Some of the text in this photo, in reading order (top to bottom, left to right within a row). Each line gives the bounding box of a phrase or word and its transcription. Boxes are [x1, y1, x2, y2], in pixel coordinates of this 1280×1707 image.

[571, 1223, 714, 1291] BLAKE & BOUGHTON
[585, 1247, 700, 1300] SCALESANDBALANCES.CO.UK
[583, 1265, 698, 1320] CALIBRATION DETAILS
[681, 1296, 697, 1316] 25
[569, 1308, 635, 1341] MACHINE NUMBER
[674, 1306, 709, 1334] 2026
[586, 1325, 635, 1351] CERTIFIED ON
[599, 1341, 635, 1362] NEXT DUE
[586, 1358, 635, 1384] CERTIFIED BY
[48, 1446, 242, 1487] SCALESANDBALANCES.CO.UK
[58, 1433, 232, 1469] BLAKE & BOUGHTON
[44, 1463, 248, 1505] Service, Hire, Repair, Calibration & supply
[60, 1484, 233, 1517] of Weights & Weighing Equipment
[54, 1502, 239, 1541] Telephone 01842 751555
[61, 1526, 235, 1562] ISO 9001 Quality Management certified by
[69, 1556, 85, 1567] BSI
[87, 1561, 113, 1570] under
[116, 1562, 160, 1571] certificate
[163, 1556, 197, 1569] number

■ **To do**
Copy out all of the listing, exactly as it reads.

■ **Exercise solution**
Some of the text in this photo, in reading order (top to bottom, left to right within a row). Each line gives the bounding box of a phrase or word and its transcription. Boxes are [x1, y1, x2, y2], in pixel coordinates of this 1280×1707 image.

[571, 1223, 714, 1291] BLAKE & BOUGHTON
[585, 1247, 700, 1300] SCALESANDBALANCES.CO.UK
[583, 1265, 698, 1320] CALIBRATION DETAILS
[681, 1296, 697, 1316] 25
[569, 1308, 635, 1341] MACHINE NUMBER
[674, 1306, 709, 1334] 2026
[586, 1325, 635, 1351] CERTIFIED ON
[599, 1341, 635, 1362] NEXT DUE
[586, 1358, 635, 1384] CERTIFIED BY
[48, 1446, 242, 1487] SCALESANDBALANCES.CO.UK
[58, 1433, 232, 1469] BLAKE & BOUGHTON
[44, 1463, 248, 1505] Service, Hire, Repair, Calibration & supply
[60, 1484, 233, 1517] of Weights & Weighing Equipment
[54, 1502, 239, 1541] Telephone 01842 751555
[61, 1526, 235, 1562] ISO 9001 Quality Management certified by
[69, 1556, 85, 1567] BSI
[87, 1561, 113, 1570] under
[116, 1562, 160, 1571] certificate
[163, 1556, 197, 1569] number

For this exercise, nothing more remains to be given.